═══ EXCERPTED DATA
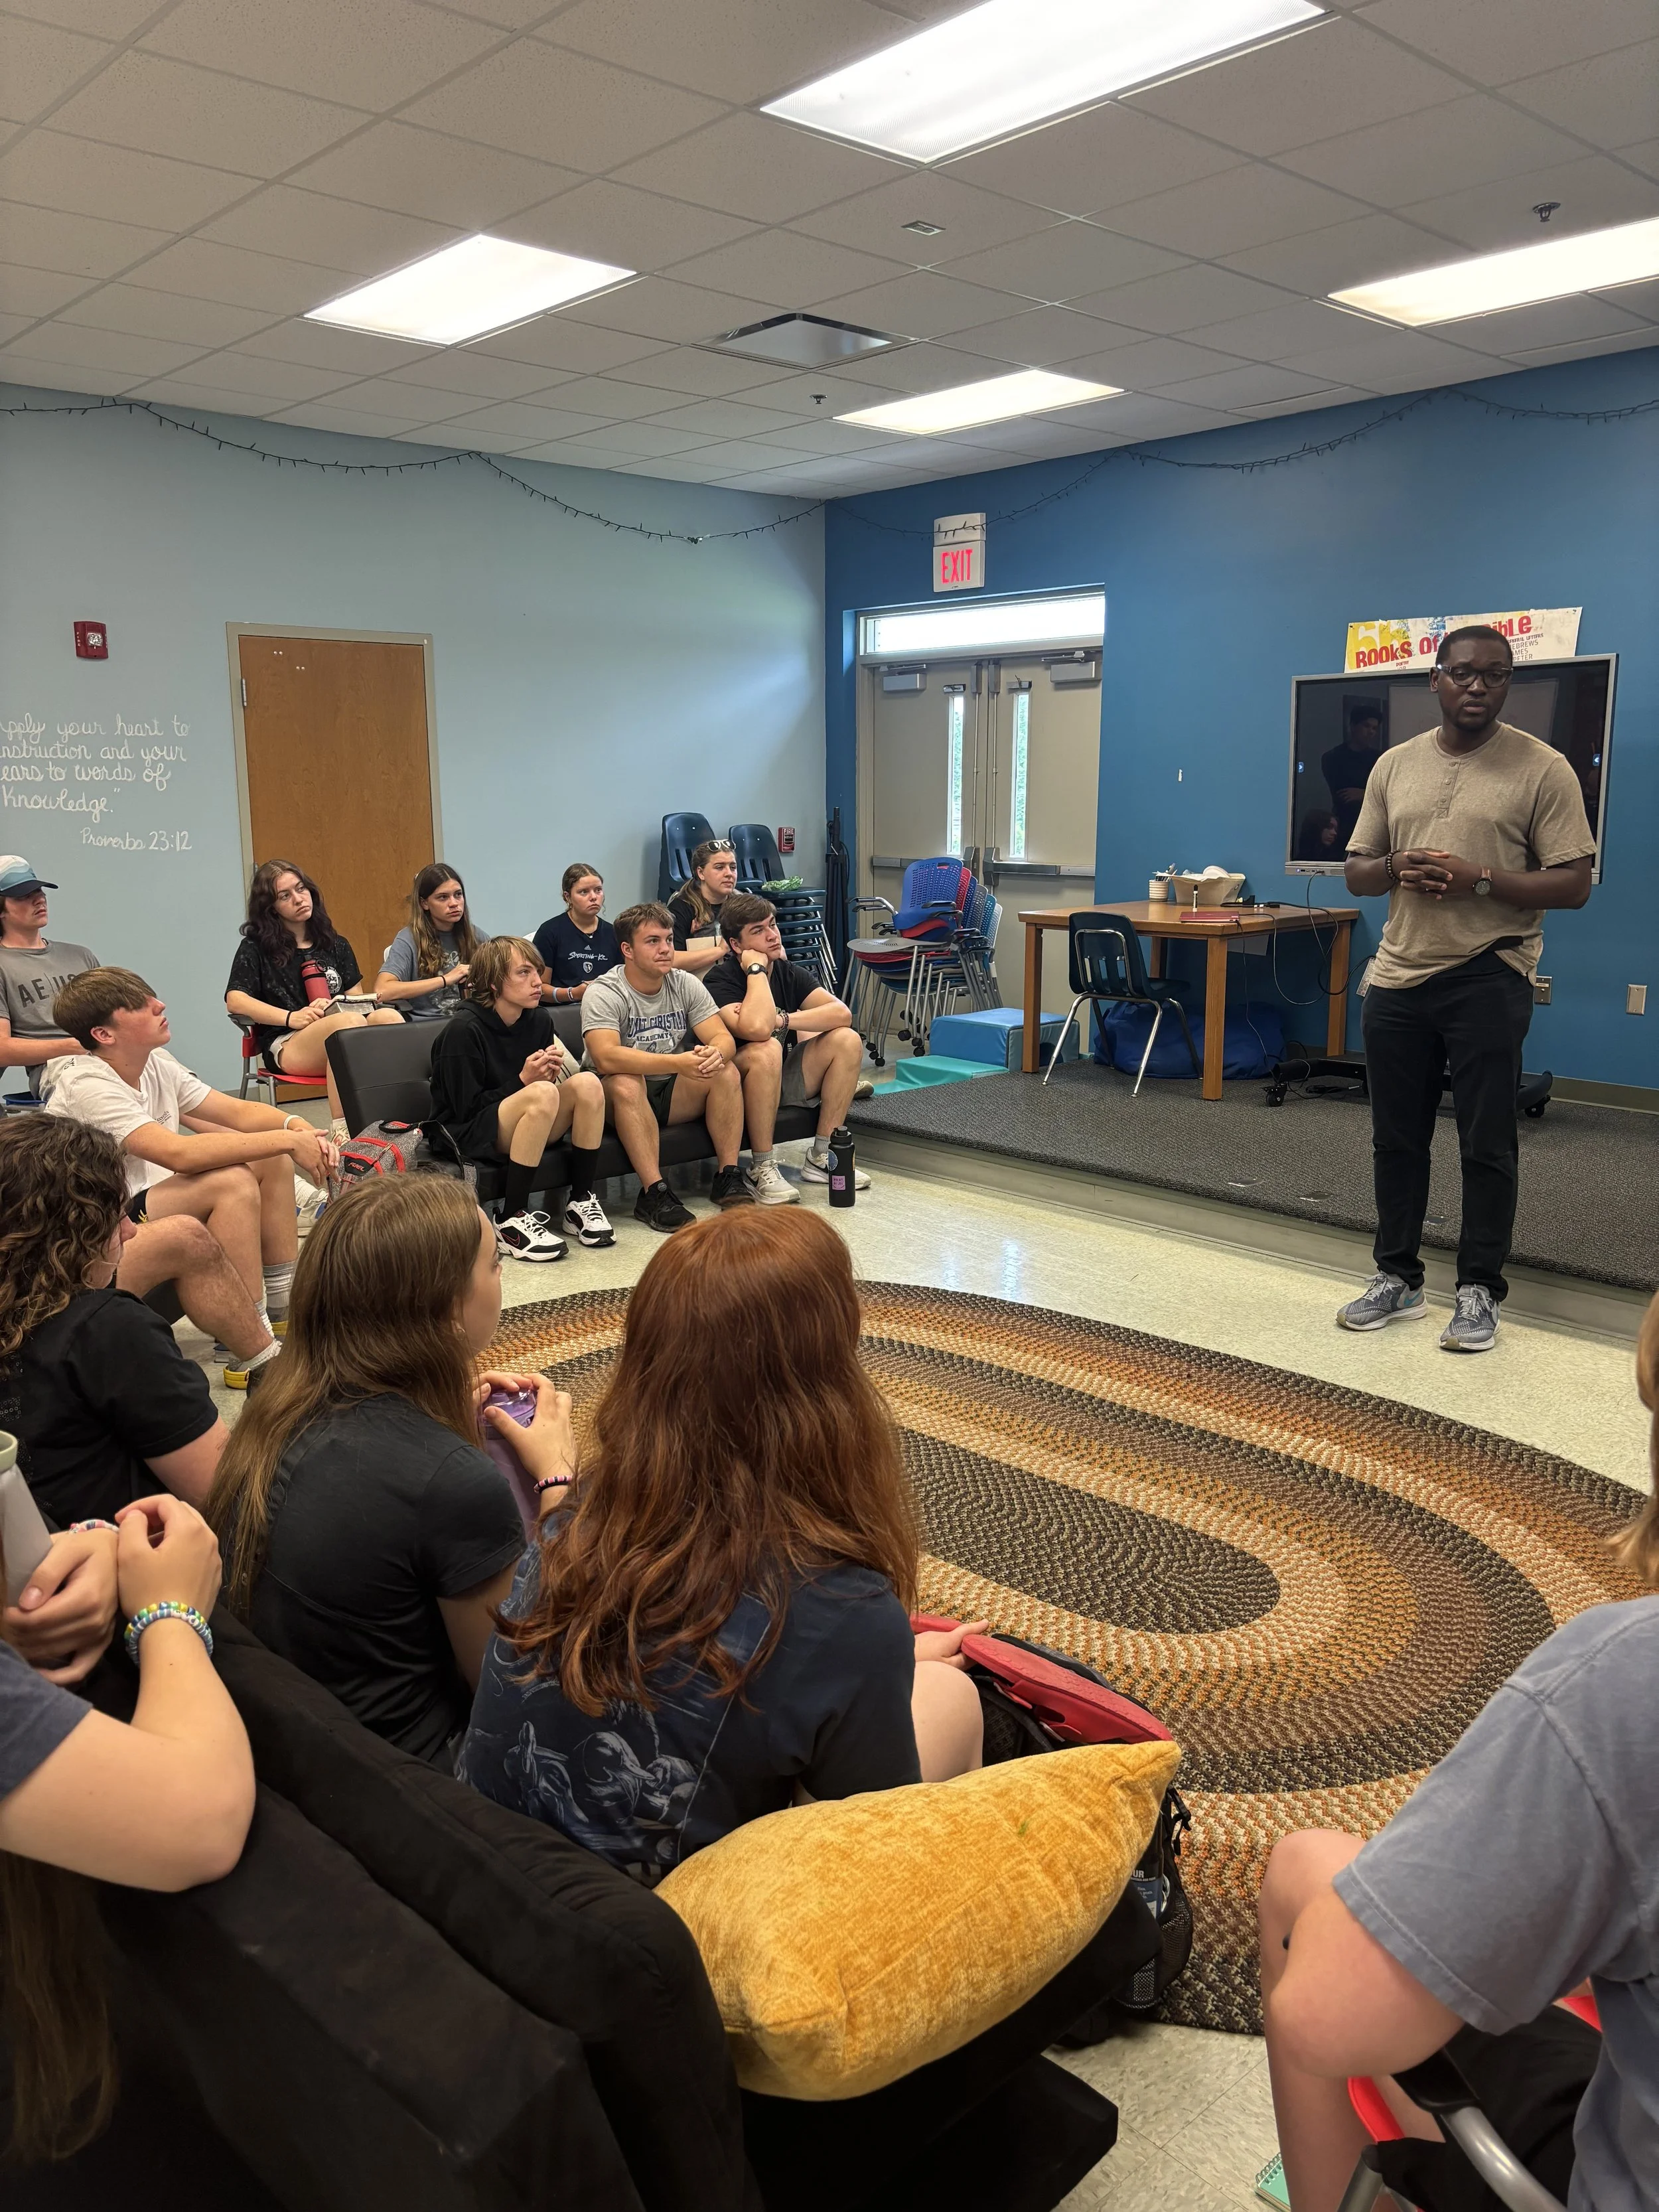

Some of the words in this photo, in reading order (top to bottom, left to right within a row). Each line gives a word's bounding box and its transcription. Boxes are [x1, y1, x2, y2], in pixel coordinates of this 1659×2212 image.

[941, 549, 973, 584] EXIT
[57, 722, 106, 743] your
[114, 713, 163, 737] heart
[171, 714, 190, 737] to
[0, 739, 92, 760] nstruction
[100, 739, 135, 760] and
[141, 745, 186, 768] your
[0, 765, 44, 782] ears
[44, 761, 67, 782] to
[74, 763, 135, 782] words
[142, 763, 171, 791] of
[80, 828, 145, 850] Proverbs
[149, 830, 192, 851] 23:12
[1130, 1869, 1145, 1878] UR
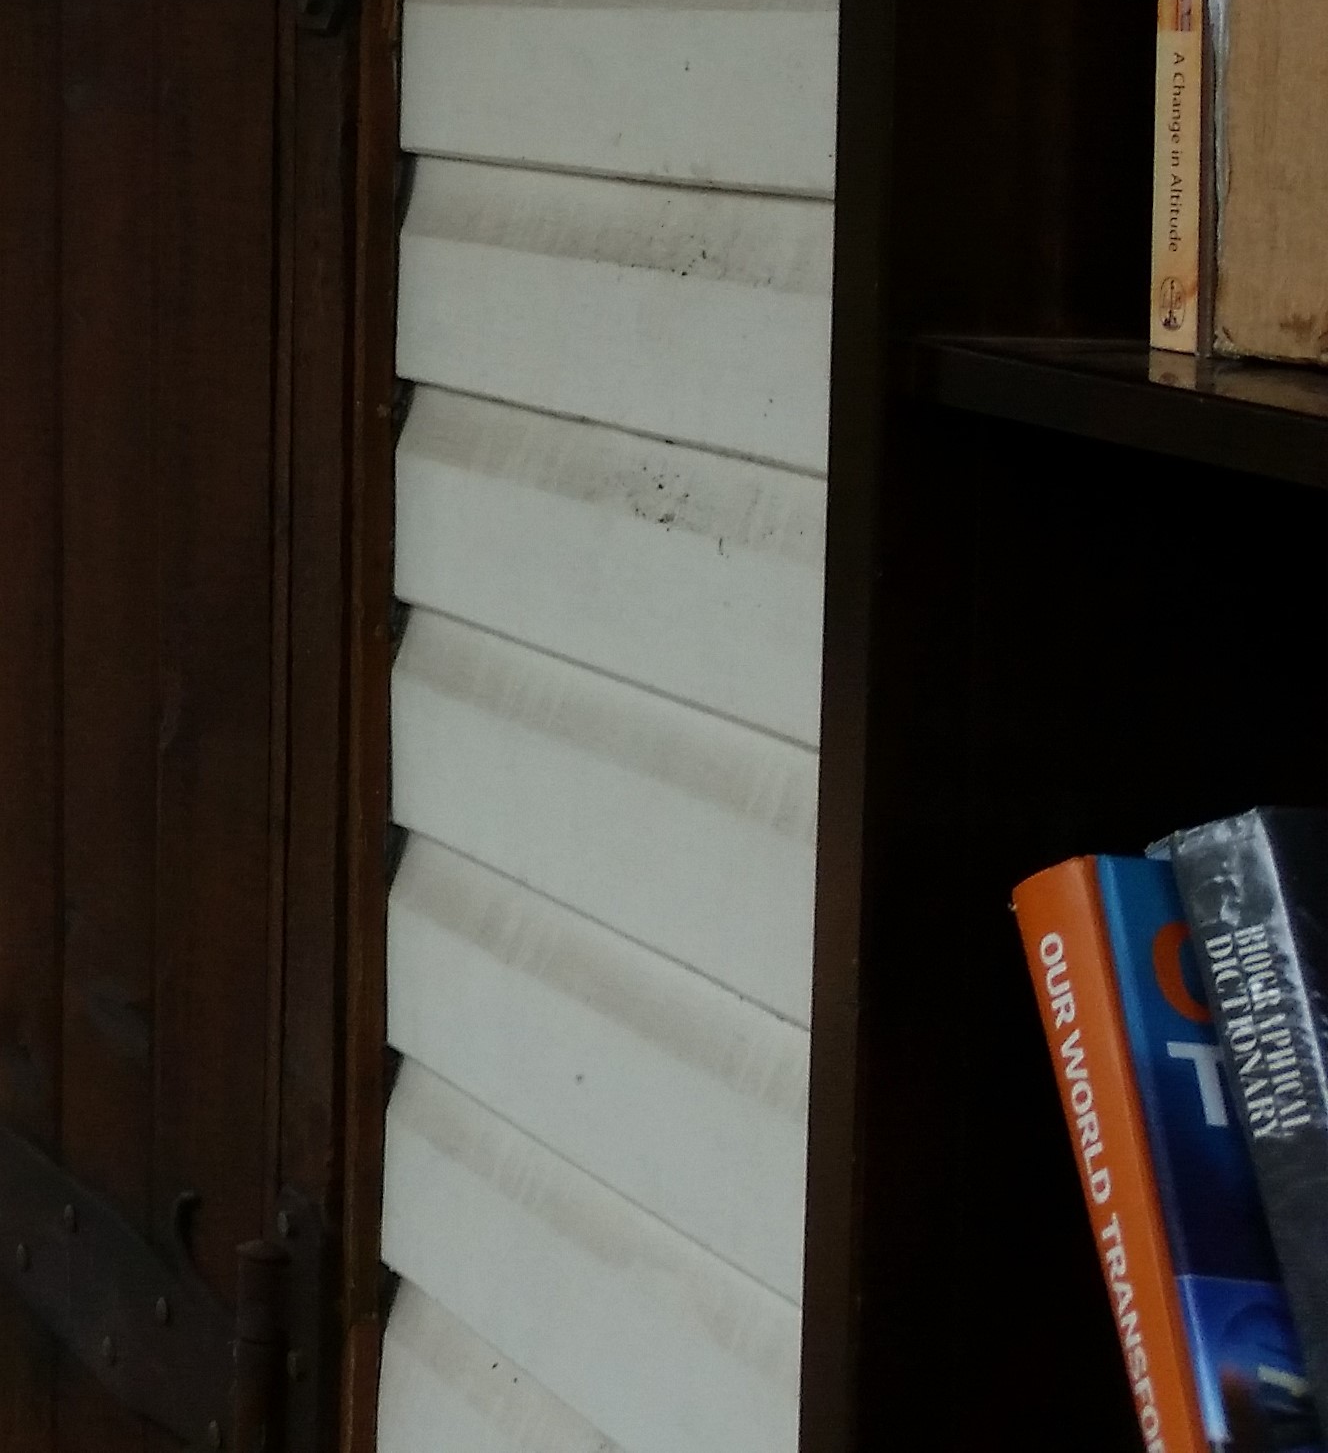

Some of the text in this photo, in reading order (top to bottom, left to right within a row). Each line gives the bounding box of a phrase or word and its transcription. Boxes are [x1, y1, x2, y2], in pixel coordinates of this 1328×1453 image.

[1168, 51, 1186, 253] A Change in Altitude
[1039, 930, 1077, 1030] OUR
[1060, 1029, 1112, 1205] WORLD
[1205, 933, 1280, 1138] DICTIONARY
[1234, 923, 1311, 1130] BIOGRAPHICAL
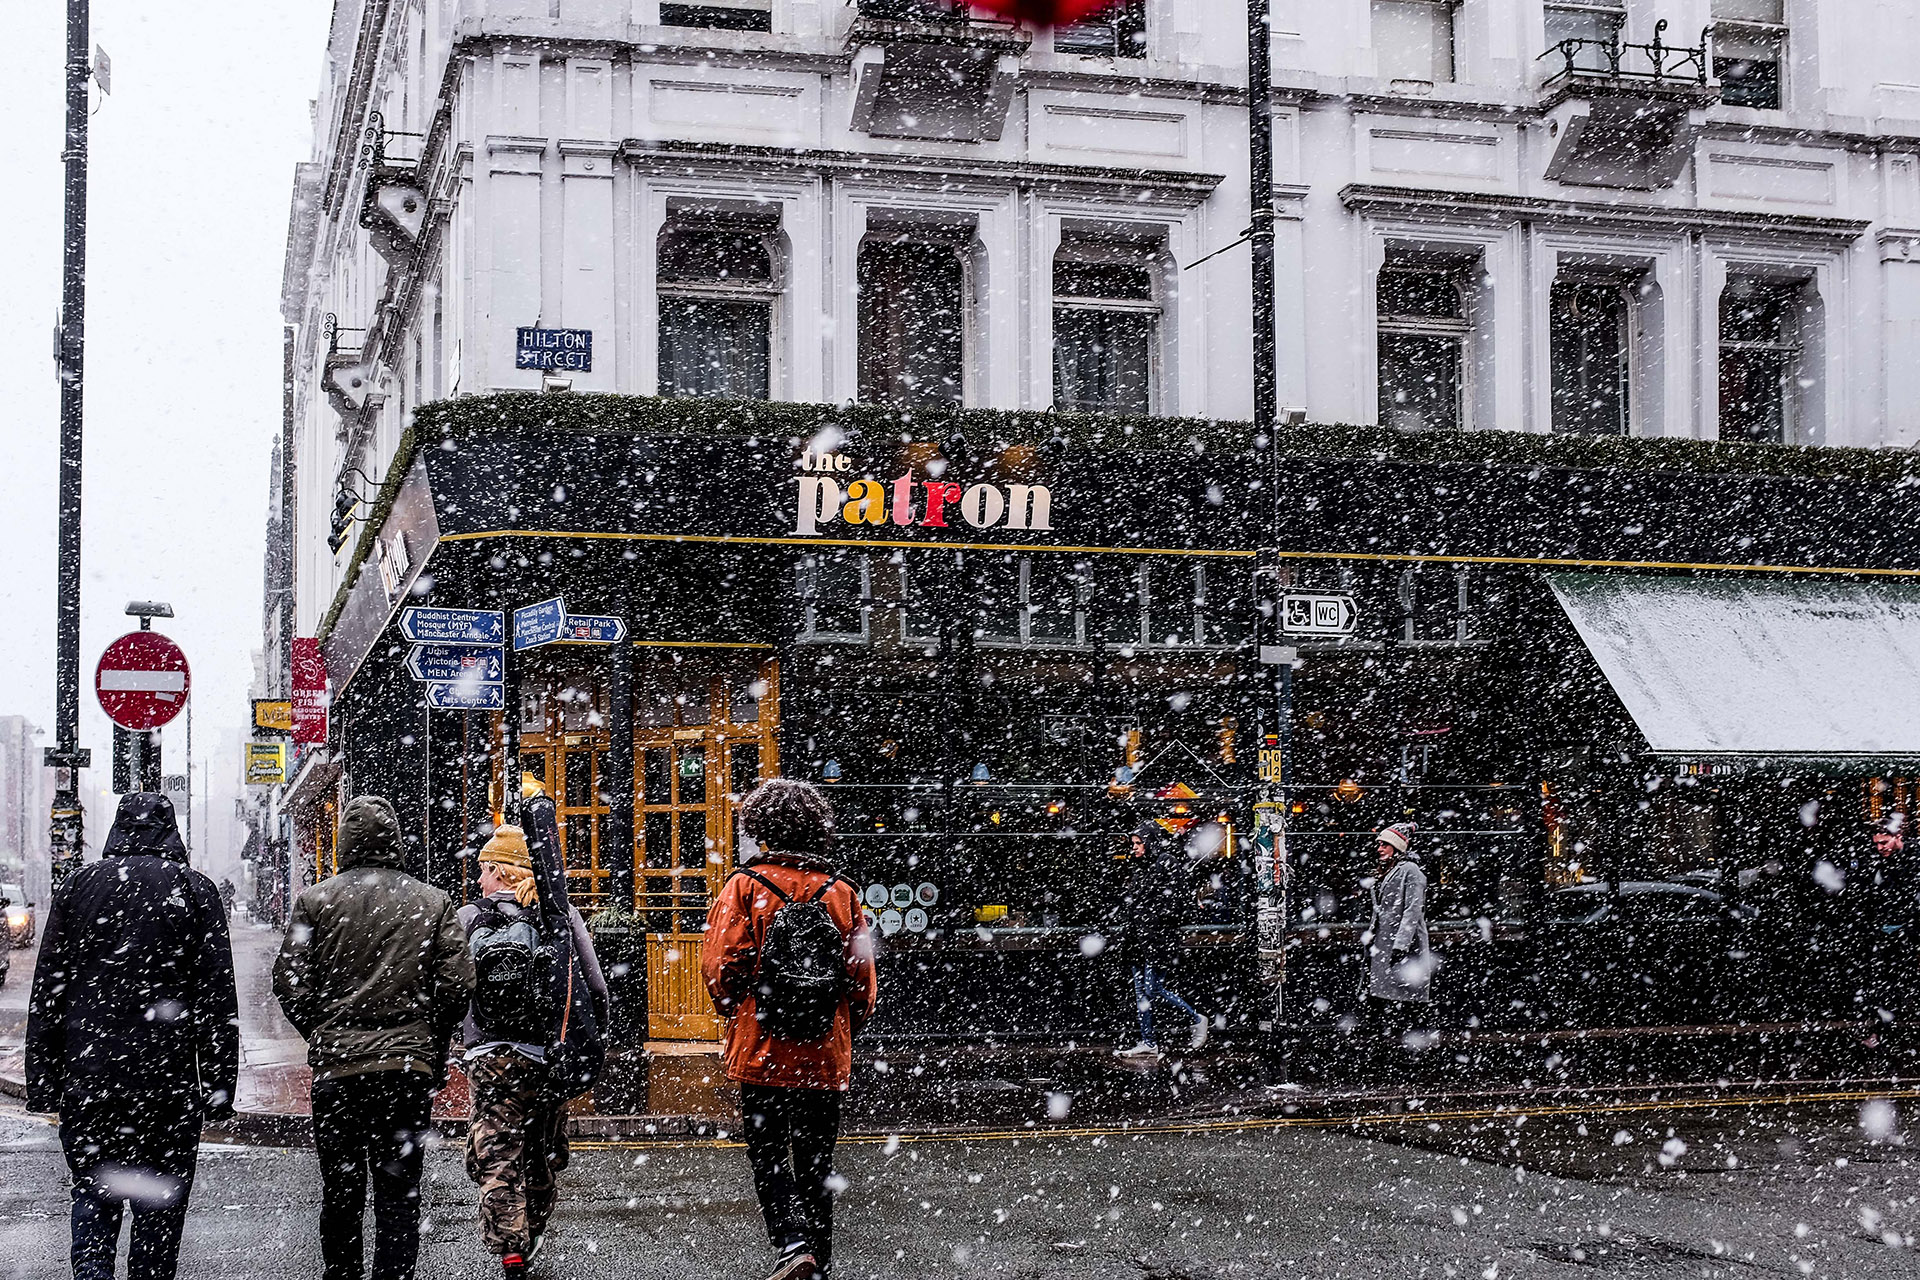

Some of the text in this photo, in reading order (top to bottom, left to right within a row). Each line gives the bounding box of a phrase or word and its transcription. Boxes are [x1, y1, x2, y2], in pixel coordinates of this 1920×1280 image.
══════
→ **THE PROBLEM**: Could every record be given again exactly, with its pictures left out?

→ **RESULT OF THIS TASK**:
Some of the words in this photo, in reading order (top to bottom, left to right within a row). Each line gives a word's bounding box and its transcription. Boxes are [x1, y1, x2, y2], in pixel coordinates of this 1659×2212 image.

[941, 549, 973, 584] EXIT
[57, 722, 106, 743] your
[114, 713, 163, 737] heart
[171, 714, 190, 737] to
[0, 739, 92, 760] nstruction
[100, 739, 135, 760] and
[141, 745, 186, 768] your
[0, 765, 44, 782] ears
[44, 761, 67, 782] to
[74, 763, 135, 782] words
[142, 763, 171, 791] of
[80, 828, 145, 850] Proverbs
[149, 830, 192, 851] 23:12
[1130, 1869, 1145, 1878] UR

Some of the text in this photo, in reading order (top to bottom, left to right within a row). Each line gives the bounding box of a phrase or word and its transcription. Boxes are [x1, y1, x2, y2], in pixel coordinates of this 1328×1453 image.

[1168, 51, 1186, 253] A Change in Altitude
[1039, 930, 1077, 1030] OUR
[1060, 1029, 1112, 1205] WORLD
[1205, 933, 1280, 1138] DICTIONARY
[1234, 923, 1311, 1130] BIOGRAPHICAL

Some of the text in this photo, in reading order (top to bottom, left to right within a row). Each line gives the bounding box of a phrase or word and its transcription. Boxes are [x1, y1, x2, y2], in pixel coordinates of this 1920×1280 image.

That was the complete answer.